En Turquie, par exemple, jusqu’à une date récente, l’Église russe n’était absolument pas présente, car nous considérons que la Turquie fait partie du territoire canonique du Patriarcat de Constantinople, mais aucun travail n’était fait avec nos fidèles. Il y a eu, épisodiquement, quelques offices, mais les gens se sentaient abandonnés. Ils s’adressaient à nous, mais nous ne pouvions pas répondre à leurs demandes, parce que nous pensions que le Patriarcat de Constantinople devait s’occuper d’eux. Nous avons proposé plus d’une fois au Patriarcat de Constantinople d’envoyer là-bas des prêtres russes, qui auraient été sous leur juridiction, mais ils refusaient catégoriquement. Compte tenu de la situation actuelle, nos fidèles ne peuvent plus communier dans les paroisses du Patriarcat de Constantinople, c’est pourquoi ce sont des prêtres de l’Église orthodoxe russe qui célèbrent désormais et s’occupent de la pastorale de nos fidèles résidant en Turquie.

  • Plusieurs années ont passé depuis la rencontre du patriarche de Moscou avec le pape de Rome à La Havane. Comment se poursuit le dialogue avec l’Église catholique romaine, des rencontres semblables seraient-elles nécessaires, en Russie, par exemple, car le pape François a souvent parlé de son désir de venir en Russie, ou au Vatican ?
  • La rencontre du pape François et du patriarche Cyrille avait une dimension historique, elle a ouvert un large espace à la coopération dans tous les domaines. Nous travaillons à incarner les accords pris par le pape et le patriarche. Pour l’instant, je n’ai pas entendu parler de nouvelles rencontres.

Nous travaillons à aider ensemble les chrétiens du Proche-Orient. Cette aide s’exprime sous différentes formes, avant tout au niveau politique, mais il s’agit aussi d’aide humanitaire, d’actions visant à améliorer la situation des chrétiens qui restent en Syrie et dans les autres pays du Proche-Orient, et qui ont besoin d’aide. L’Église catholique mène depuis longtemps une action caritative au Proche-Orient, mais ces derniers temps nous nous sommes mis à coordonner nos efforts, et nous voyons déjà les fruits de cette coordination. Je pense que nous allons intensifier notre interaction dans ce domaine, ainsi que dans d’autres sphères où elle est d’actualité.

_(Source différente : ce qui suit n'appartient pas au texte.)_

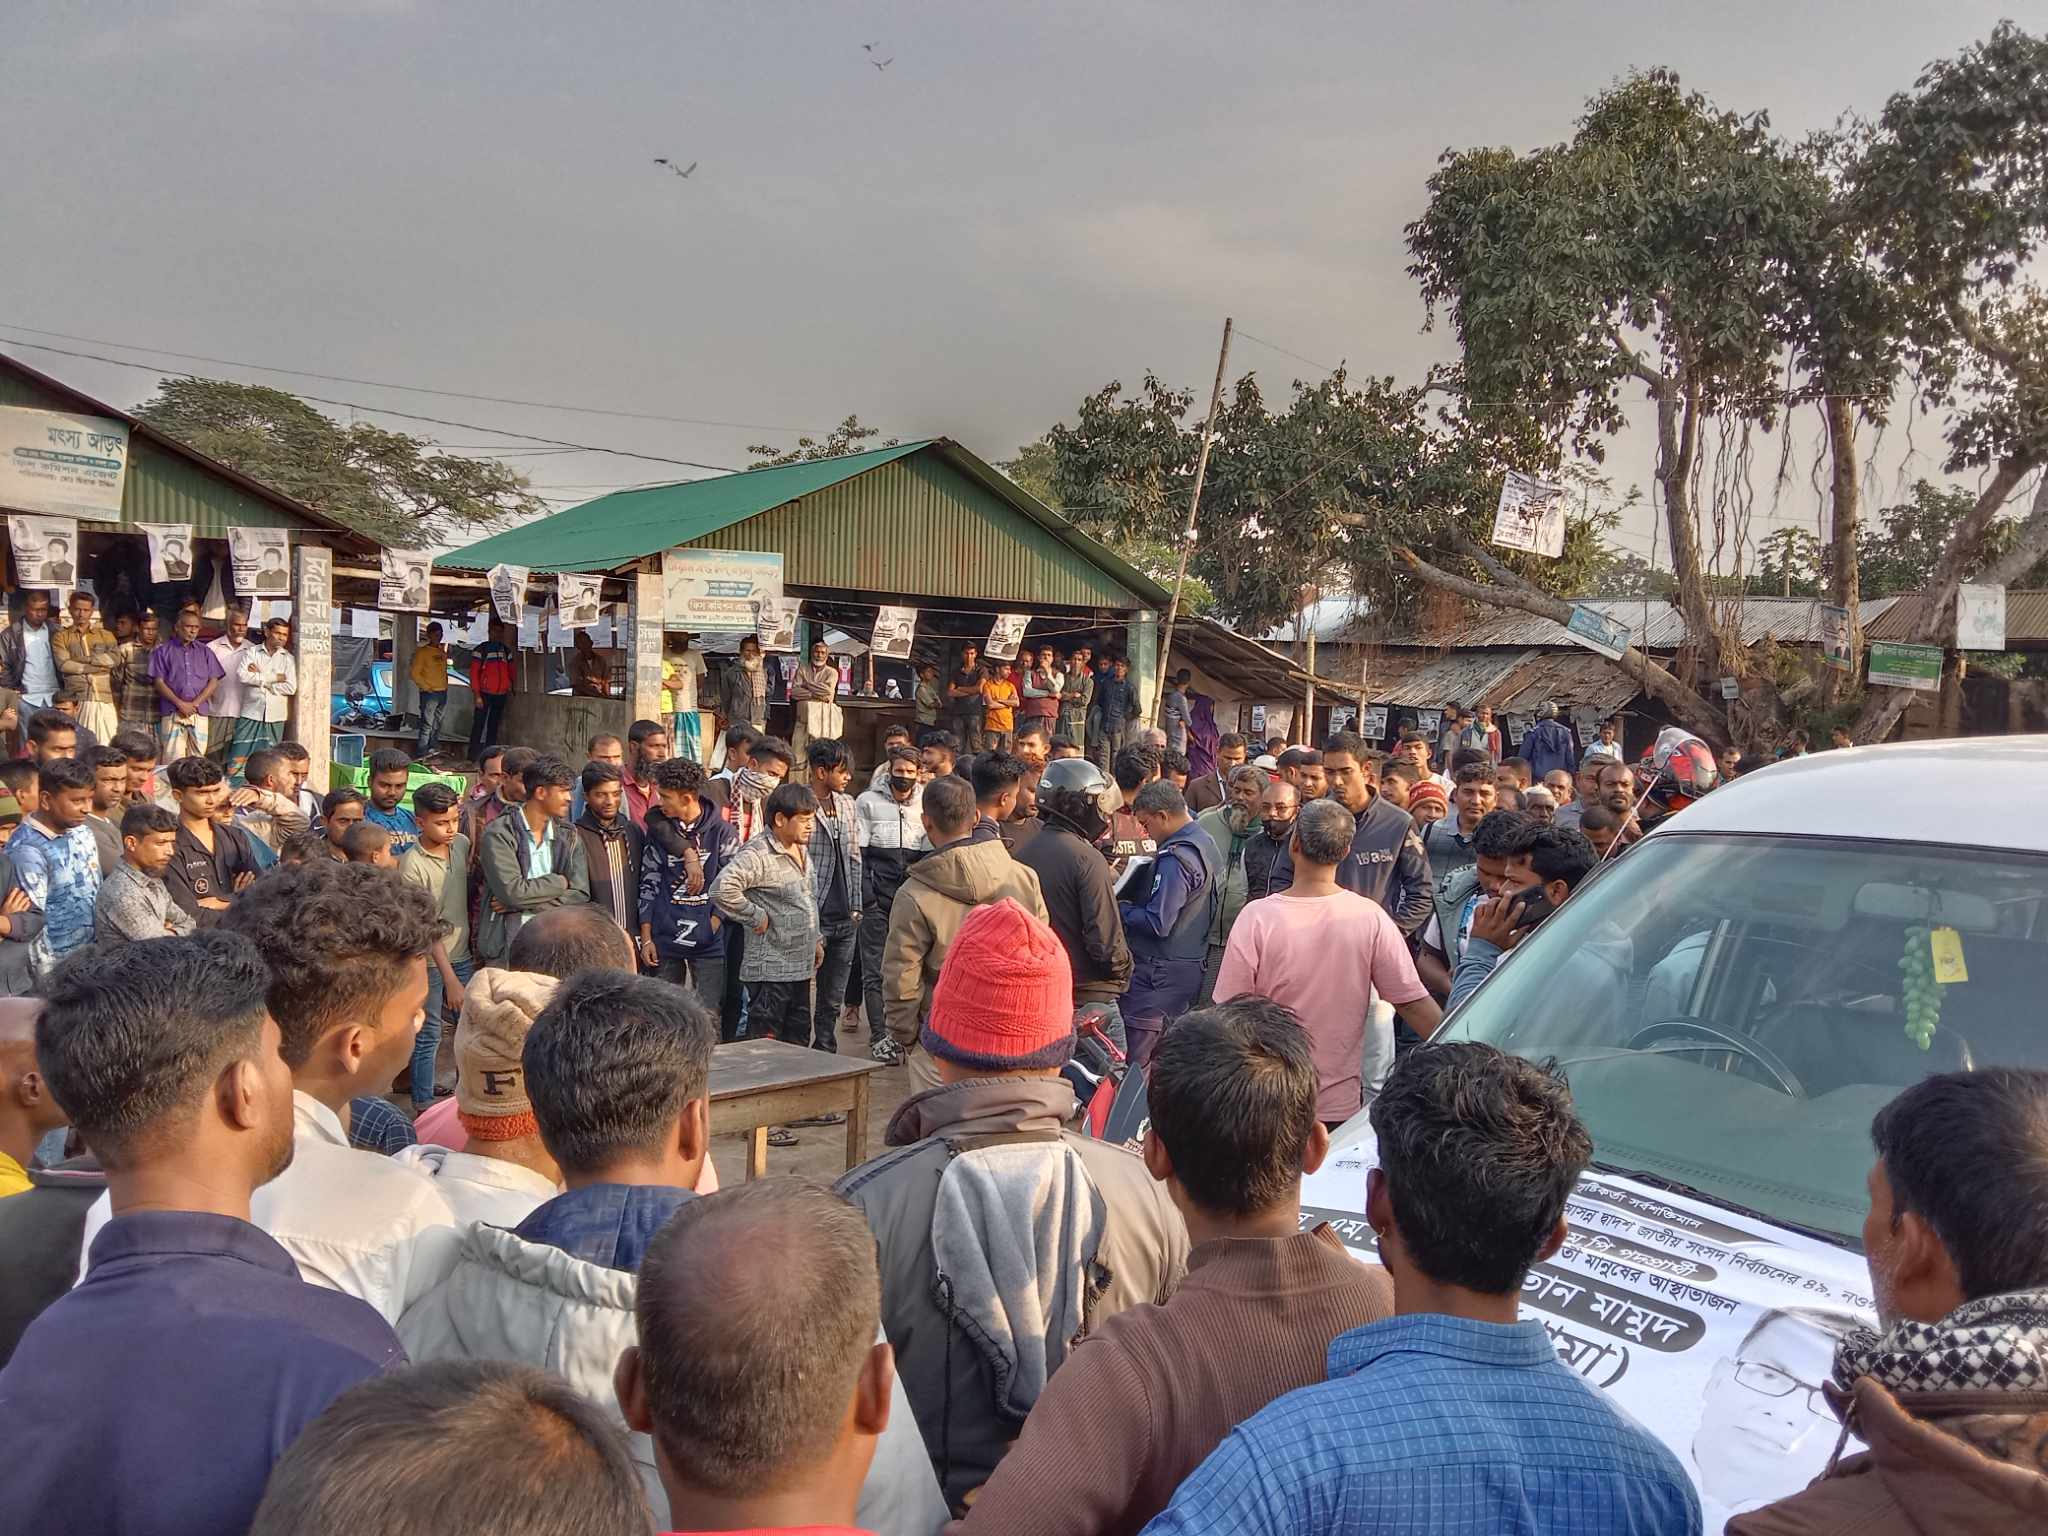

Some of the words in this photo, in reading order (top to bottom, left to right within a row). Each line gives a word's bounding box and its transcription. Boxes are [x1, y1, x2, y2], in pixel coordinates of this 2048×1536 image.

Nous avons un groupe de travail pour la collaboration entre l’Église orthodoxe russe et l’Église catholique romaine, j’en suis le président avec le cardinal Koch, et nous discutons de différents projets culturels, caritatifs et sociaux.

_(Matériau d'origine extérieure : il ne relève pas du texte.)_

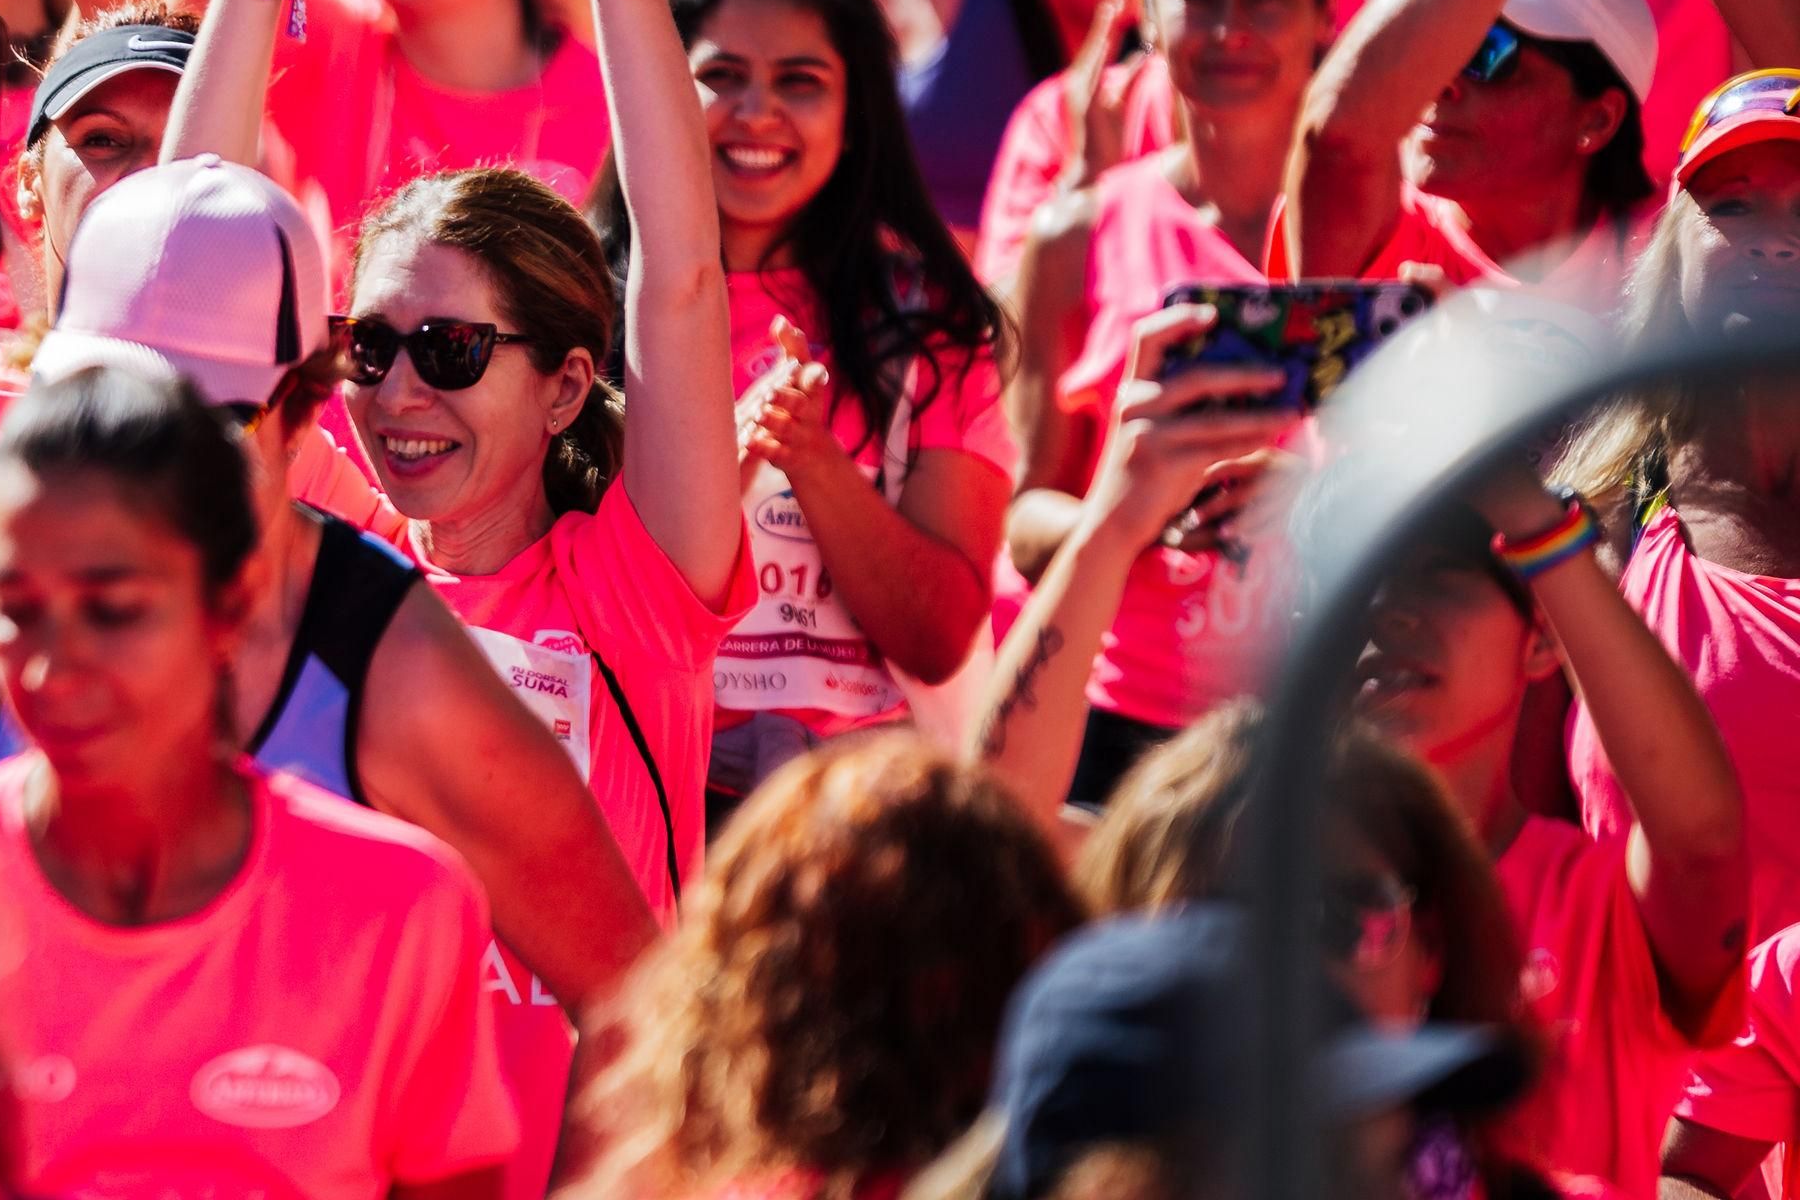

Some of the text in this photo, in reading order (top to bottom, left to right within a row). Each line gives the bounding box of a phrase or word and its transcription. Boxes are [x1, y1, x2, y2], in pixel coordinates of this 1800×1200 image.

[784, 637, 804, 651] DE
[512, 673, 568, 699] SUMA
[526, 669, 569, 687] DORSAL
[712, 671, 787, 691] OYSHO

Concernant l’aide qui vient de l’Église orthodoxe russe en coopération avec les représentants d’autres confessions religieuses en Russie, nous avons déjà envoyé plusieurs cargaisons d’aide humanitaire, une fois elle se montait à 77 tonnes. Cette aide est distribuée à la population syrienne, indépendamment de l’appartenance religieuse.

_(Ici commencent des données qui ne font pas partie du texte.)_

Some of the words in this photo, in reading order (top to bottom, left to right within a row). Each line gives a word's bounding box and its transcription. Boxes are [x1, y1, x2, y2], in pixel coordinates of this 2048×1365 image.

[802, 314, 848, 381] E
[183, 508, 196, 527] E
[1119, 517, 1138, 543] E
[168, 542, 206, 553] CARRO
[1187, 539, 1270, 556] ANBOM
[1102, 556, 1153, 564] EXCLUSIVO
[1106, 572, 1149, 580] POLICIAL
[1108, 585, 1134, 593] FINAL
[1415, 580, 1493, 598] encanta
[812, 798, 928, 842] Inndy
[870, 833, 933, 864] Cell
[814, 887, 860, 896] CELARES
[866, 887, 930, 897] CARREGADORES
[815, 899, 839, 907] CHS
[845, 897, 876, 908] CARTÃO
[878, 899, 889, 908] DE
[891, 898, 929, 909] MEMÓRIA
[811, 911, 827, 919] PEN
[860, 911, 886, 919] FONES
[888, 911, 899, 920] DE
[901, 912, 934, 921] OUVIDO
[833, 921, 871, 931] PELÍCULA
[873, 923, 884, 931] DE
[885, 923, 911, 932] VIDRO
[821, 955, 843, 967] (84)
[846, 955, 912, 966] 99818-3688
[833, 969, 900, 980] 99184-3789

  • Depuis quelques temps la théologie fait partie des disciplines scientifiques en Russie. Existe-t-il déjà une communauté académique russe de théologiens ? Cette discipline attire-t-elle les étudiants des établissements d’enseigement supérieur laïcs qui ne pensent pas devenir ministres du culte par la suite ?
  • La communauté scientifique en est au stade de la formation. Depuis le moment où la théologie a été légalisée en tant que discipline scientifique, jusqu’à celui où se sera formée une communauté de théologiens dans l’espace universitaire laïc, il devra s’écouler un certain temps. Il suffit de dire que lorsque nous avons créé le premier conseil de soutenance agréé par l’état, il se composait de plus de 20 docteurs, mais aucun d’eux n’était docteur en théologie, pour la simple et bonne raison que la théologie n’était pas reconnue en tant que science. Depuis, il y a eu plusieurs soutenances de thèses de doctorat, et on peut penser que dans quelques années nous aurons assez de théologiens diplômés pour constituer à eux seuls de nouveaux conseils de soutenance.

Le développement de la théologie en tant que science dans l’espace universitaire laïc est une nécessité de notre temps. J’observe un grand intérêt pour cette discipline chez les recteurs des principaux grands établissements supérieurs, et j’espère que la théologie se développera non seulement dans les écoles confessionnelles, mais aussi dans l’espace académique profane.